U.S. mortgage originations are projected to grow moderately in 2025, despite continued economic uncertainty and elevated interest rates, according to TransUnion’s newly released credit insights in the fourth quarter of 2024.
After years of sluggish origination growth due to inflation, high borrowing costs, and a tight housing market, mortgage originations are expected to rise to 5.7 million in 2025 from approximately 4.6 million in 2024, with the bulk coming from purchase loans.
“Consumers continue to live their lives—people are continuing to buy and sell their homes,” said Satyan Merchant, TransUnion SVP of Autos and Mortgage. “Even in 2024, despite higher interest rates, we saw some amount of refinance activity, and that will continue in 2025, whether it’s people changing terms, refinancing from an adjusted rate mortgage to a fixed-rate loan, or moving from [FHA] to [GSE] loans.”
Market trends and delinquencies
Purchase originations accounted for 82% of all mortgage originations in Q3 2024, the most recent period with available data. That’s significantly higher than the pre-pandemic five-year average of 68%. Refinancing activity also surged, with rate and term refinance originations jumping 174% year-over-year. Homeowners who secured mortgages at higher rates in previous quarters have increasingly taken advantage of the lowest interest rates in two years.
A swing to a four-to-one ratio of purchase versus refinance is primarily driven by the interest rate environment, Merchant added.
“It’s been a long time since the industry has been in a higher interest rate environment like this,” he said.
Rising non-mortgage debt among homeowners—up 7% year-over-year—could create financial strain in the coming quarters, the report said. FHA borrowers are the most likely to be under duress.
“Year-over-year, we are seeing an uptick in expected mortgage delinquencies,” Merchant said. “However, we have to remember that we’re coming off historically low delinquency rates. Even with recent increases, we’re still at very low historical standards.”
Lender caution, borrower behavior
Lender caution remains a defining characteristic of the current mortgage landscape. While origination volumes are improving, underwriting standards have tightened in response to ongoing macroeconomic uncertainty. Borrowers are adjusting as well, with an increasing number opting for alternative mortgage products, including adjustable-rate mortgages, to navigate affordability constraints.
Merchant said lenders with strong mortgage broker networks should fare well in 2025.
“Consumers going through a purchase cycle often seek out experts for consultation, and in many cases, brokers help them through that process,” he said. “Some lenders that focus on the broker channel tend to do better in a purchase market.
“We don’t have statistical correlation data on whether a higher purchase market directly leads to more broker activity, but we do know that lenders with strong broker networks are seeing success in the current environment.”

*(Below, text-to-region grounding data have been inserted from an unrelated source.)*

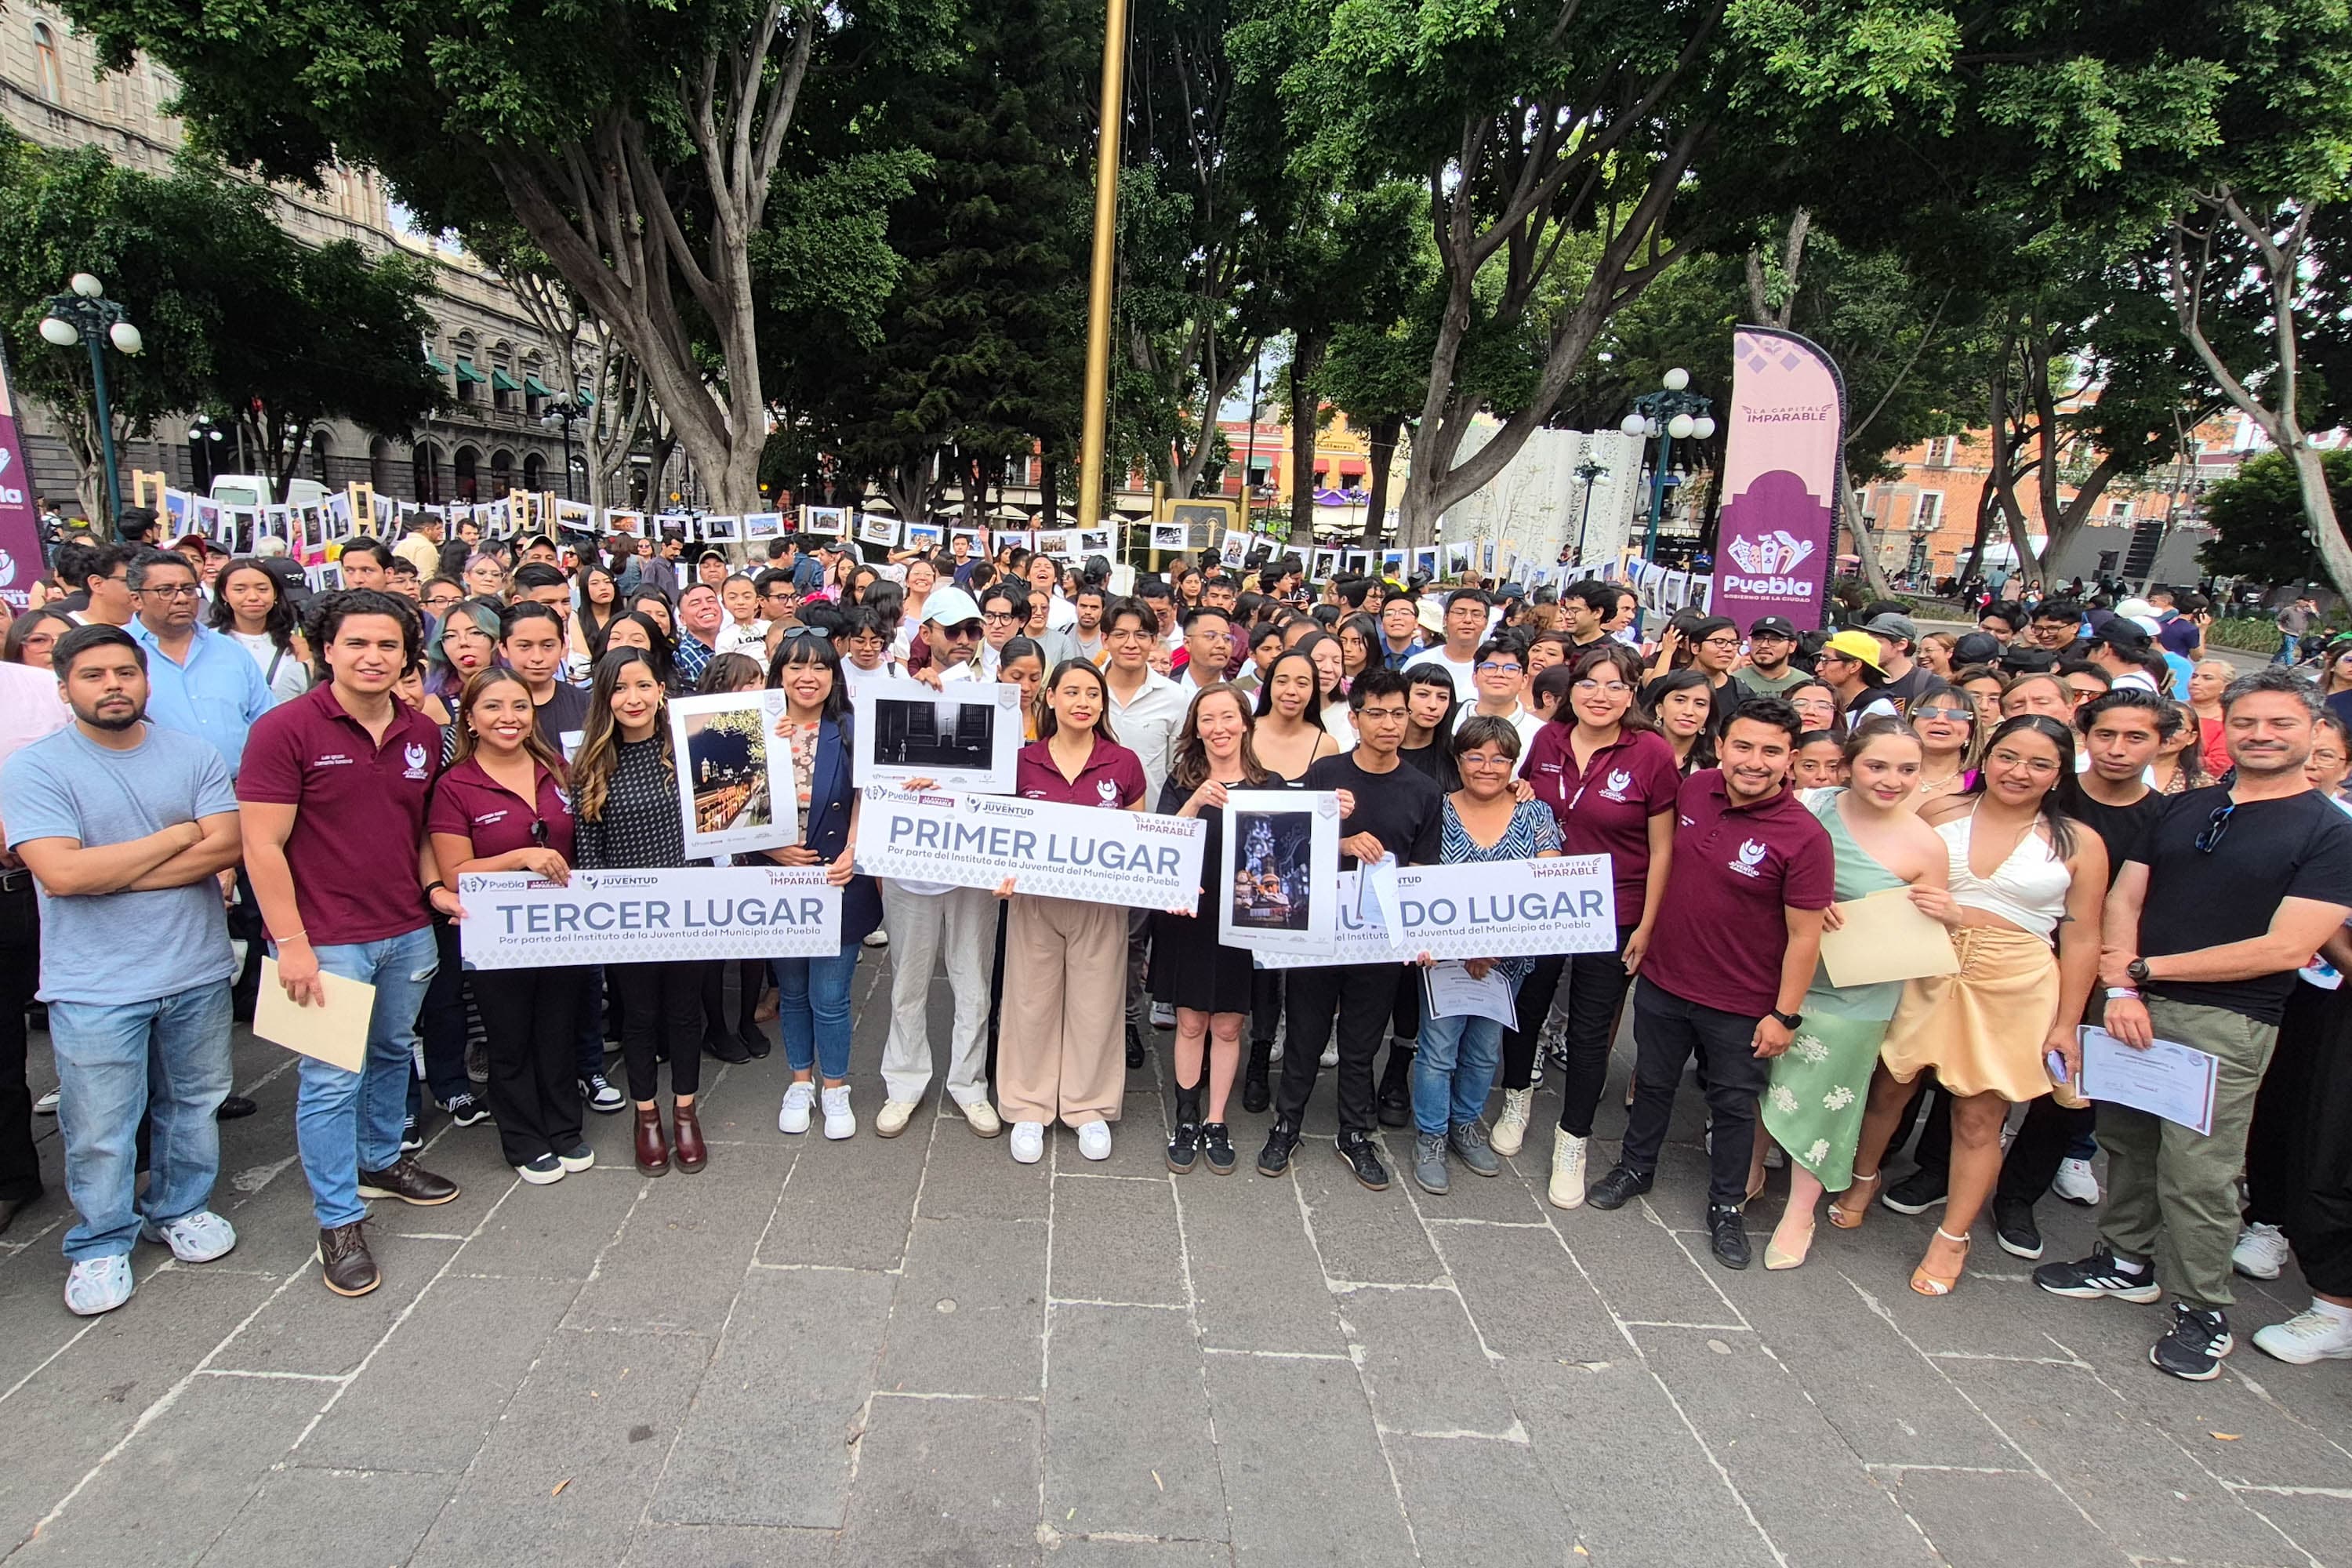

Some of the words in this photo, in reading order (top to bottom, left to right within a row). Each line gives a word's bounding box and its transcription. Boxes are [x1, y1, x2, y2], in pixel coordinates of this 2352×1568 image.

[1747, 413, 1827, 423] IMPARABLE
[1723, 575, 1813, 596] Puebla
[887, 791, 918, 802] Puebla
[982, 803, 1034, 816] JUVENTUD
[1136, 823, 1196, 837] IMPARABLE
[1155, 818, 1192, 829] CAPITAL
[890, 815, 1036, 860] PRIMER
[1047, 833, 1181, 877] LUGAR
[887, 845, 904, 855] Por
[906, 848, 932, 858] parte
[935, 849, 949, 860] del
[951, 853, 992, 866] Instituto
[993, 858, 1006, 867] de
[1008, 858, 1018, 869] la
[1019, 861, 1065, 873] Juventud
[1066, 865, 1082, 876] del
[1083, 868, 1131, 883] Municipio
[1132, 874, 1145, 884] de
[1146, 876, 1179, 887] Puebla
[1533, 866, 1599, 879] IMPARABLE
[489, 880, 524, 890] Puebla
[601, 876, 659, 886] JUVENTUD
[1468, 889, 1604, 924] LUGAR
[496, 900, 670, 935] TERCER
[684, 898, 823, 928] LUGAR
[499, 936, 518, 945] Por
[521, 934, 550, 946] parte
[554, 933, 572, 942] del
[574, 932, 620, 942] Instituto
[622, 931, 636, 940] de
[637, 930, 648, 939] la
[651, 928, 699, 938] Juventud
[702, 928, 717, 938] del
[720, 927, 770, 938] Municipio
[771, 927, 784, 935] de
[786, 926, 821, 935] Puebla
[1335, 933, 1345, 942] el
[1348, 931, 1389, 941] Instituto
[1406, 929, 1416, 938] la
[1418, 927, 1465, 937] Juventud
[1468, 926, 1483, 935] del
[1486, 924, 1537, 935] Municipio
[1555, 920, 1592, 930] Puebla
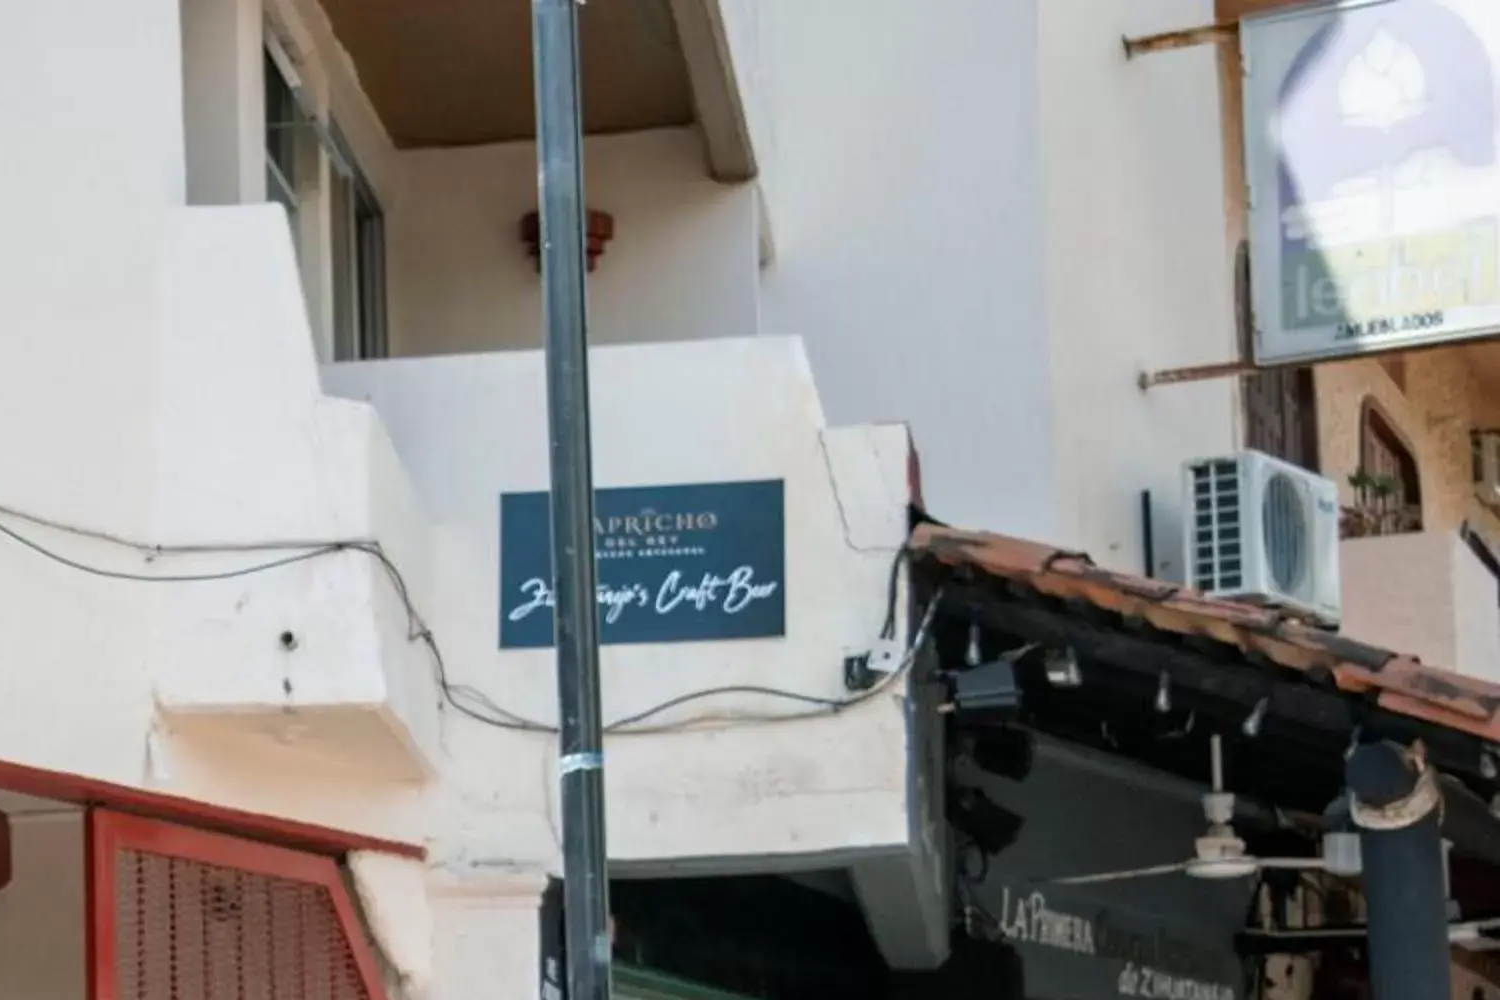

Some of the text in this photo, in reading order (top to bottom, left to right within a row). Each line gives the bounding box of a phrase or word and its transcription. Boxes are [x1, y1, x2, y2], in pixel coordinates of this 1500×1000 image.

The broader consumer credit market is showing signs of stabilization, with mortgage and auto originations seeing year-over-year increases. Meanwhile, credit card originations continued to decline in Q3 2024, though at a slower rate than in previous quarters. Delinquency rates across different credit products remain mixed, with credit cards showing the first year-over-year decline in serious delinquency rates since 2020, according to TransUnion.
Housing market outlook
Despite some positive signs, the housing market still faces significant affordability challenges. Elevated home prices and limited inventory continue to be barriers for many prospective buyers, particularly younger and first-time buyers. While mortgage originations are expected to increase, overall demand remains suppressed compared to historical norms.
“(Buyers) swallow the pill and take the higher interest rate when they purchase their home, but that also means they’re in a population that will be in the market to refinance if rates drop—even if only moderately, to around 6% or 6.5%,” said Merchant. “Housing inventory continues to be a challenge across the country, and affordability remains a major issue. On the new home side, some builders are offering incentive rates or paying down points for buyers. That’s helping drive some purchase originations despite the affordability constraints.
The Federal Reserve’s monetary policy decisions in 2025 will play a crucial role in determining the trajectory of mortgage rates. If rate cuts are delayed, affordability concerns may persist, potentially dampening the housing market’s recovery, Merchant added.
This year “is shaping up to be a year of stability,” he said. “Lenders’ number one wish is lower interest rates, but number two is stable interest rates—not increasing rates. The Fed’s signals suggest nothing dramatic in either direction, which could provide a more predictable environment for originations.”